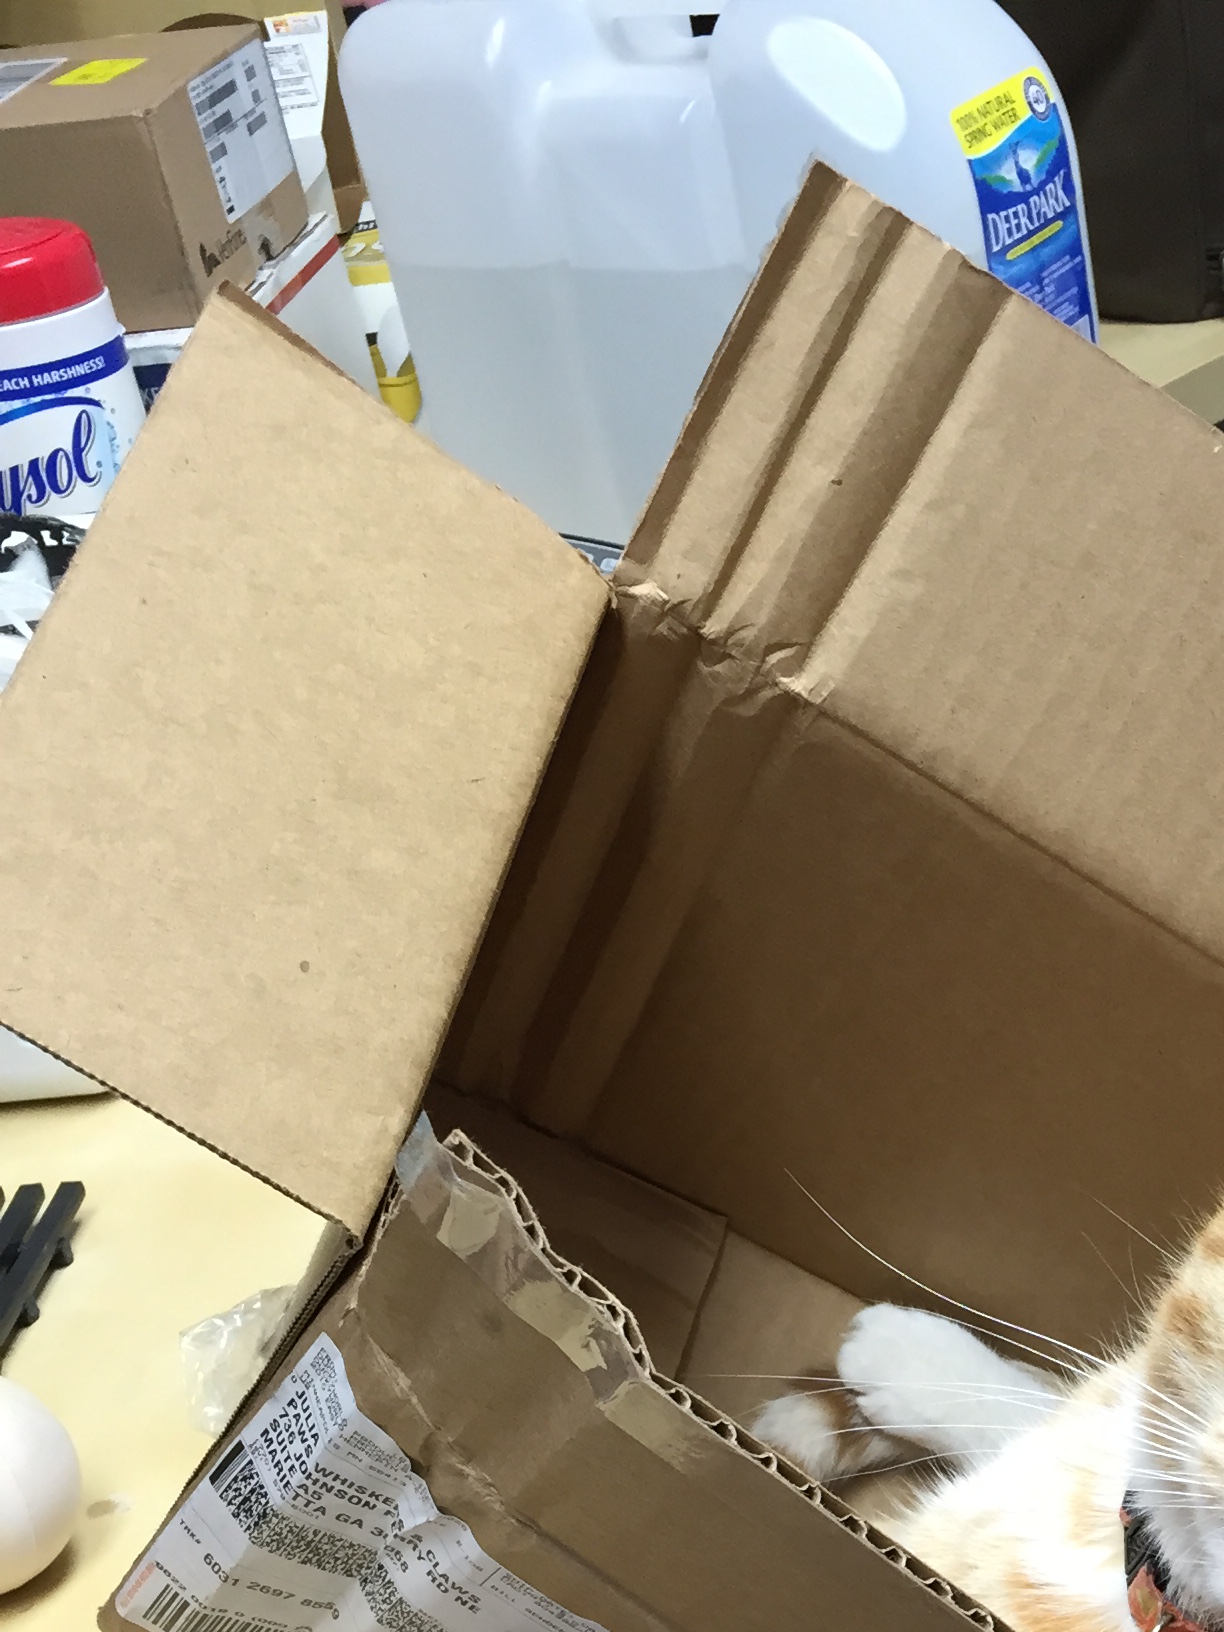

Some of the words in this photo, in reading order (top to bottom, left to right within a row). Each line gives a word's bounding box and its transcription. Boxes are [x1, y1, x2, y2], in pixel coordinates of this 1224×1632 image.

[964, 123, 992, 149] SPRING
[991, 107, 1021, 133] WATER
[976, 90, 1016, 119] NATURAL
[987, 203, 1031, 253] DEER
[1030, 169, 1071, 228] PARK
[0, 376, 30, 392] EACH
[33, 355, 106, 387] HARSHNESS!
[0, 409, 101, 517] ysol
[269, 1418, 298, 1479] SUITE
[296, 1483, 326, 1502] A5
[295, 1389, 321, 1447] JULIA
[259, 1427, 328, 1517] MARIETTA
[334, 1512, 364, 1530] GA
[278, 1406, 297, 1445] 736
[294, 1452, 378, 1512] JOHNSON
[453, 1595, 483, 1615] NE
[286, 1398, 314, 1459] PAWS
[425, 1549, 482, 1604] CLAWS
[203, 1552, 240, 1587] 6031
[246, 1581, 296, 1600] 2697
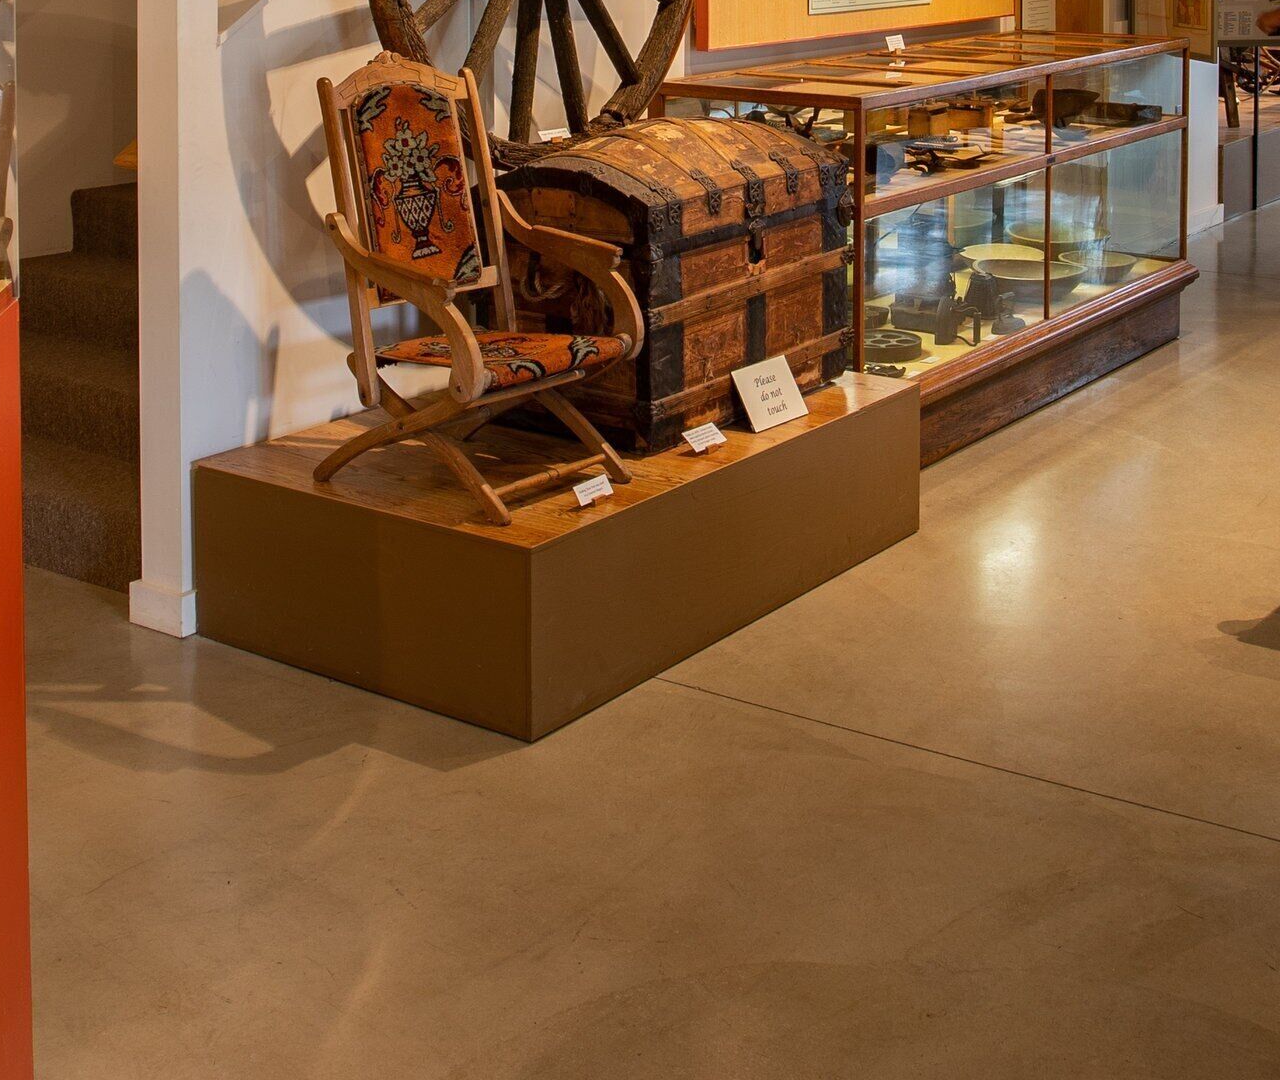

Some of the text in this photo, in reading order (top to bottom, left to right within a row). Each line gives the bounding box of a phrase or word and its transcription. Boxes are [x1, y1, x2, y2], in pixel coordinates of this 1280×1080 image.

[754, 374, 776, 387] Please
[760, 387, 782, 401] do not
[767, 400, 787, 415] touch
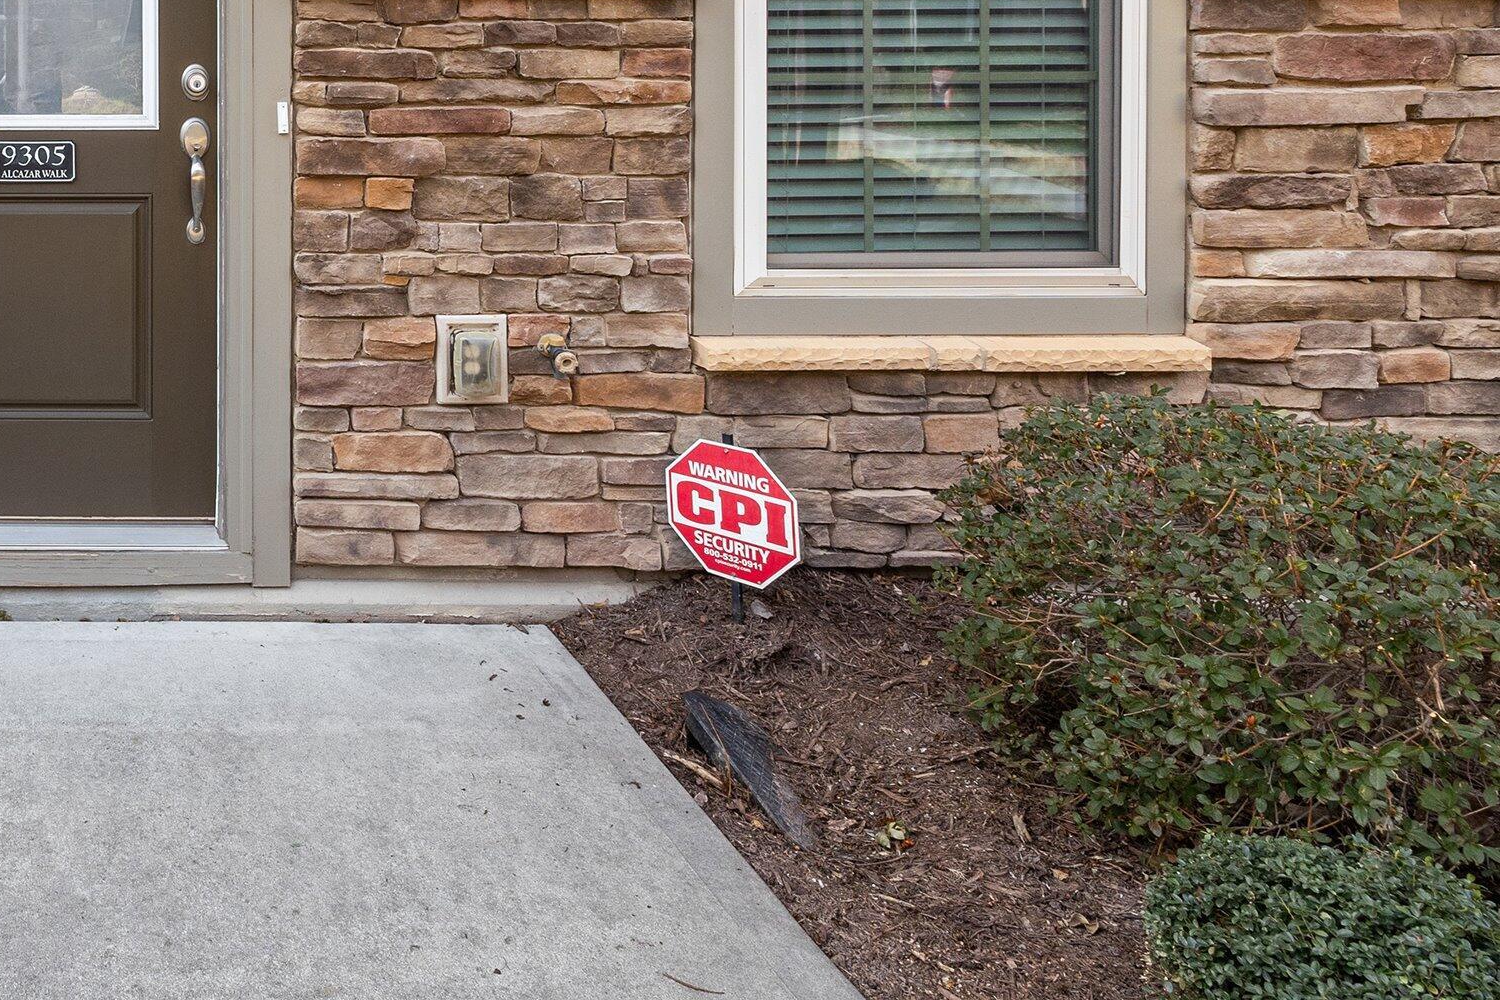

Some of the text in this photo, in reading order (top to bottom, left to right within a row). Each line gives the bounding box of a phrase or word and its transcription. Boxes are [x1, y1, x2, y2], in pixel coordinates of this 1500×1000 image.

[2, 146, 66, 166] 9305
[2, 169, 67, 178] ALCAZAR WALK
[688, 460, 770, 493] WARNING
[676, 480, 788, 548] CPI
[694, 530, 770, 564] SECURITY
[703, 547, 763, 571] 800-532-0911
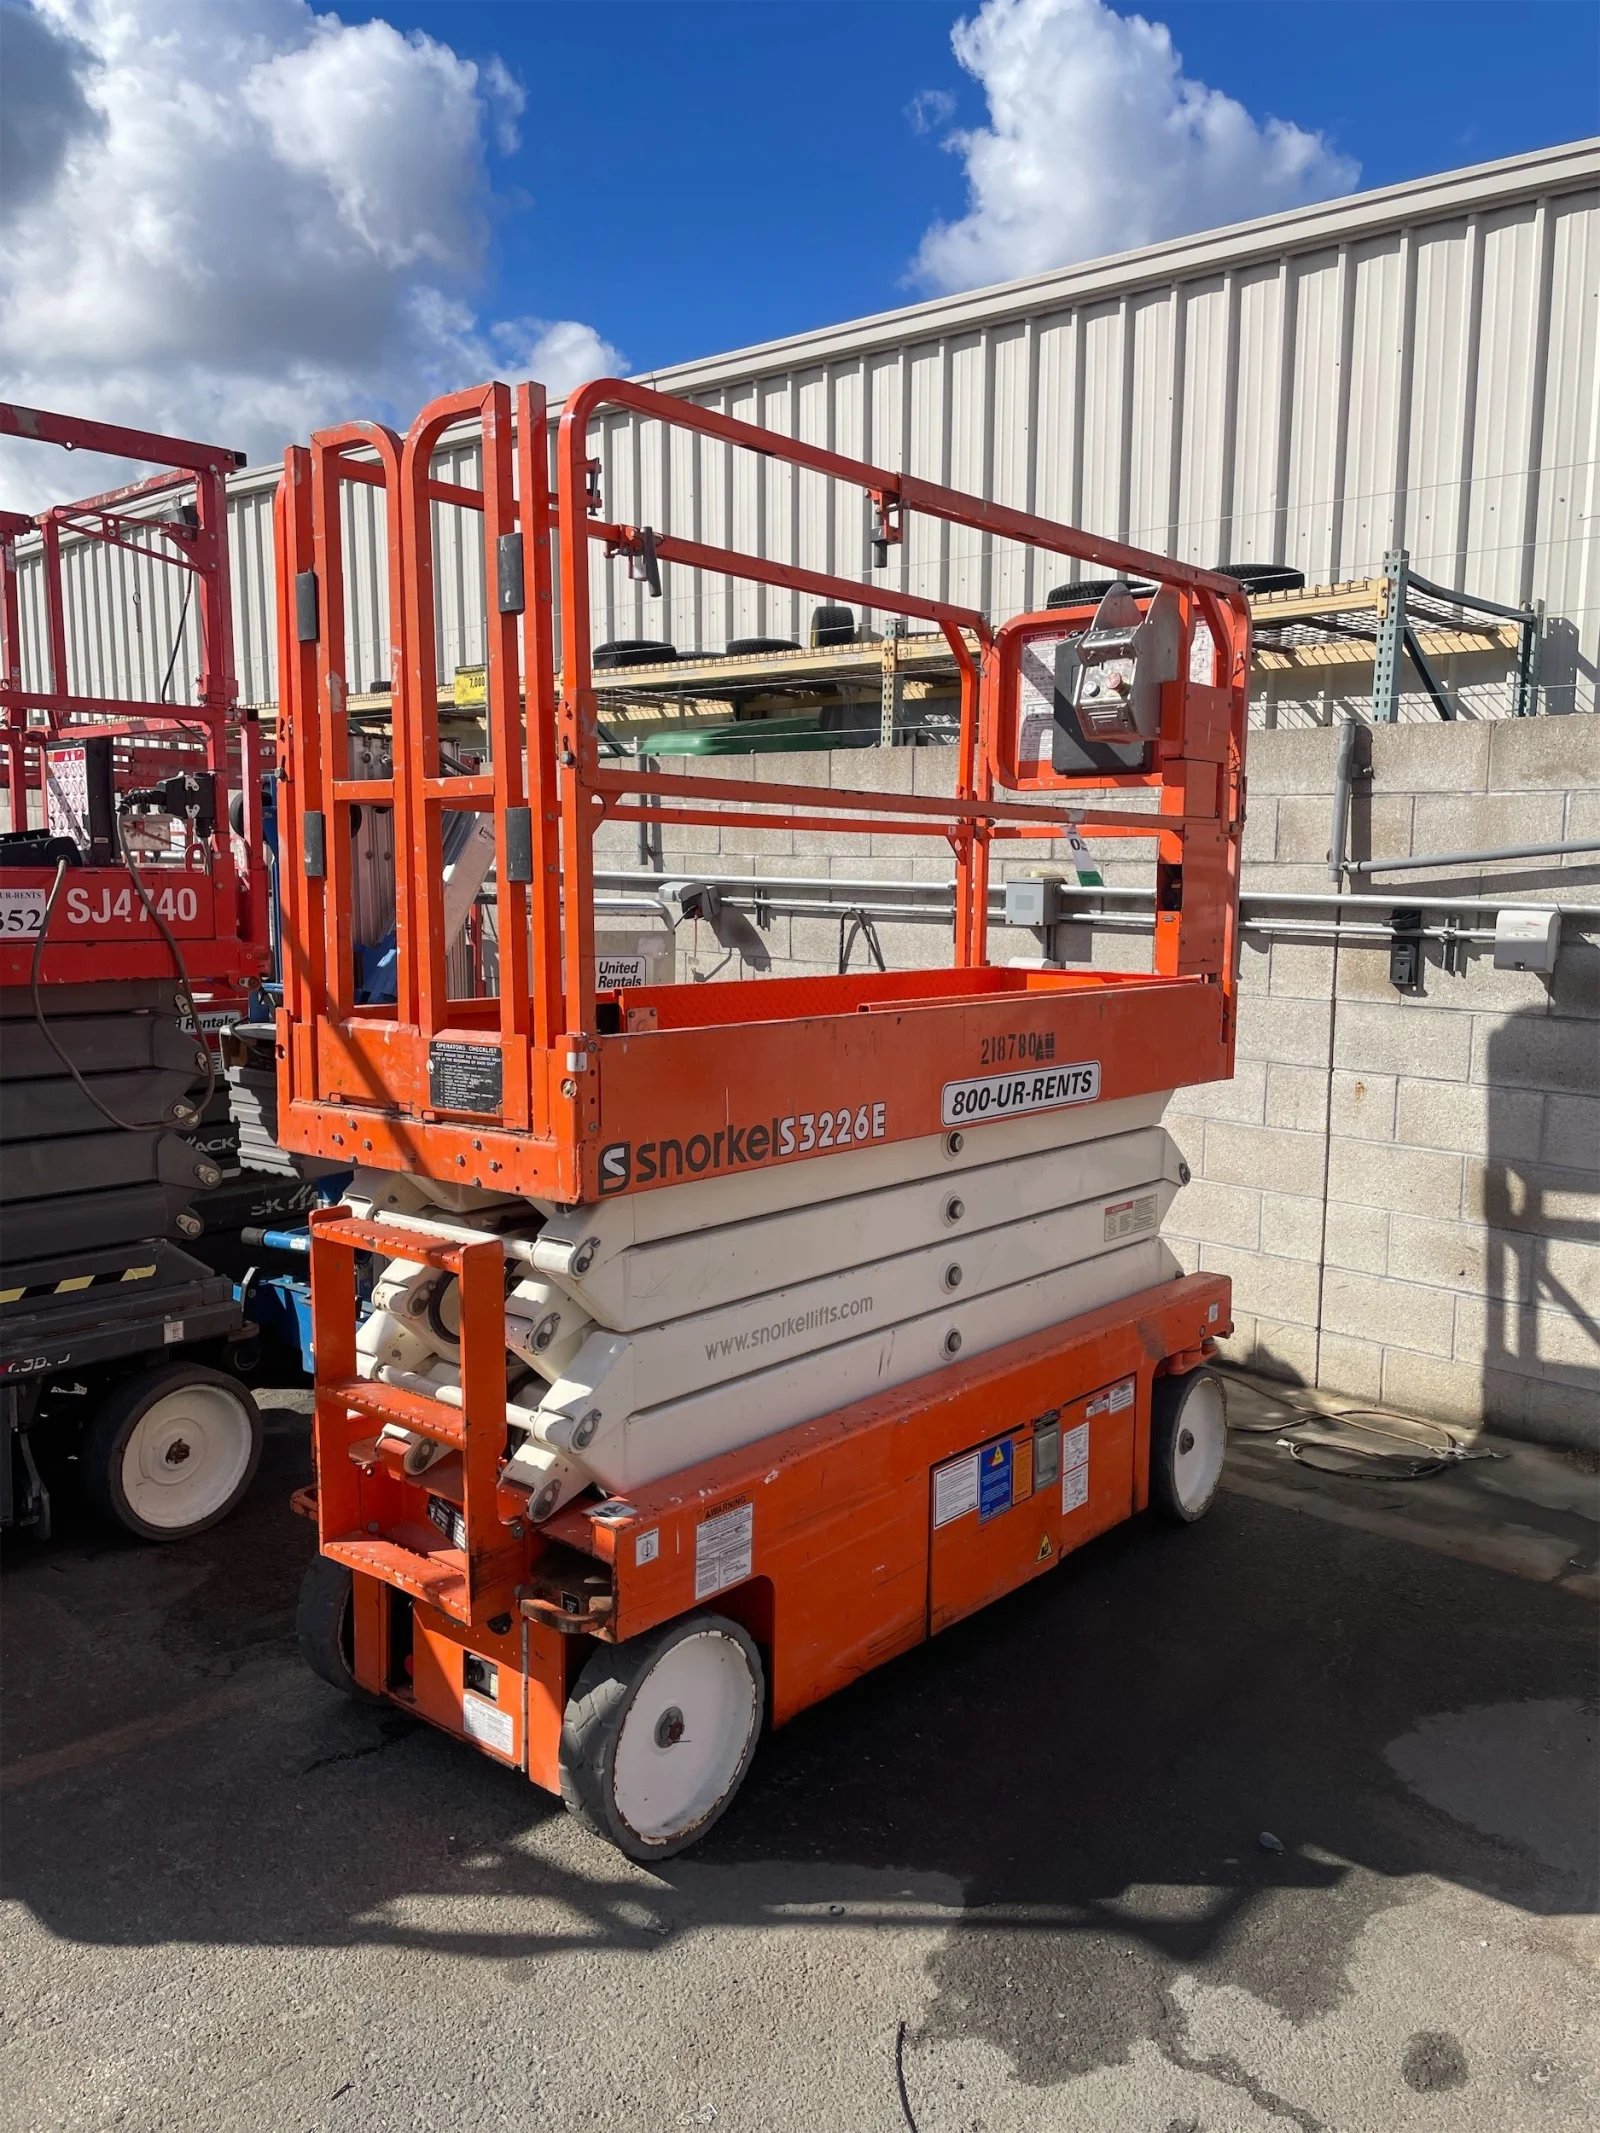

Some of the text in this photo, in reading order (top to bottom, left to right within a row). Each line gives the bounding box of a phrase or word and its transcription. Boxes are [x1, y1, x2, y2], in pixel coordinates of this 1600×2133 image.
────────────────────────────────────────
Instructions for the task – What is needed is a verbatim copy of the entries, leaving out any pictures.

Solution to the exercise –
Some of the words in this photo, in reading order (top to bottom, left to right within a row). Each line gives a word's bounding box and its transcription. Boxes are [x1, y1, x2, y2], in pixel coordinates of this 1224×1632 image.

[964, 123, 992, 149] SPRING
[991, 107, 1021, 133] WATER
[976, 90, 1016, 119] NATURAL
[987, 203, 1031, 253] DEER
[1030, 169, 1071, 228] PARK
[0, 376, 30, 392] EACH
[33, 355, 106, 387] HARSHNESS!
[0, 409, 101, 517] ysol
[269, 1418, 298, 1479] SUITE
[296, 1483, 326, 1502] A5
[295, 1389, 321, 1447] JULIA
[259, 1427, 328, 1517] MARIETTA
[334, 1512, 364, 1530] GA
[278, 1406, 297, 1445] 736
[294, 1452, 378, 1512] JOHNSON
[453, 1595, 483, 1615] NE
[286, 1398, 314, 1459] PAWS
[425, 1549, 482, 1604] CLAWS
[203, 1552, 240, 1587] 6031
[246, 1581, 296, 1600] 2697

Some of the text in this photo, in reading order (top to bottom, left to right within a row). Each line gives the bounding box of a phrase or word and its transcription. Boxes are [x1, y1, x2, y2], in pixel coordinates of this 1280×1080 image.

[754, 374, 776, 387] Please
[760, 387, 782, 401] do not
[767, 400, 787, 415] touch

Some of the text in this photo, in reading order (top to bottom, left to right within a row). Each line gives the bounding box of a phrase or word and its transcription. Boxes are [x1, y1, x2, y2], in pixel coordinates of this 1500×1000 image.

[2, 146, 66, 166] 9305
[2, 169, 67, 178] ALCAZAR WALK
[688, 460, 770, 493] WARNING
[676, 480, 788, 548] CPI
[694, 530, 770, 564] SECURITY
[703, 547, 763, 571] 800-532-0911

Some of the text in this photo, in reading order (top to bottom, left to right within a row). Each line gives the bounding box of a phrase or word and its transcription. Boxes are [x1, y1, x2, y2], in pixel coordinates of this 1600×2133 image.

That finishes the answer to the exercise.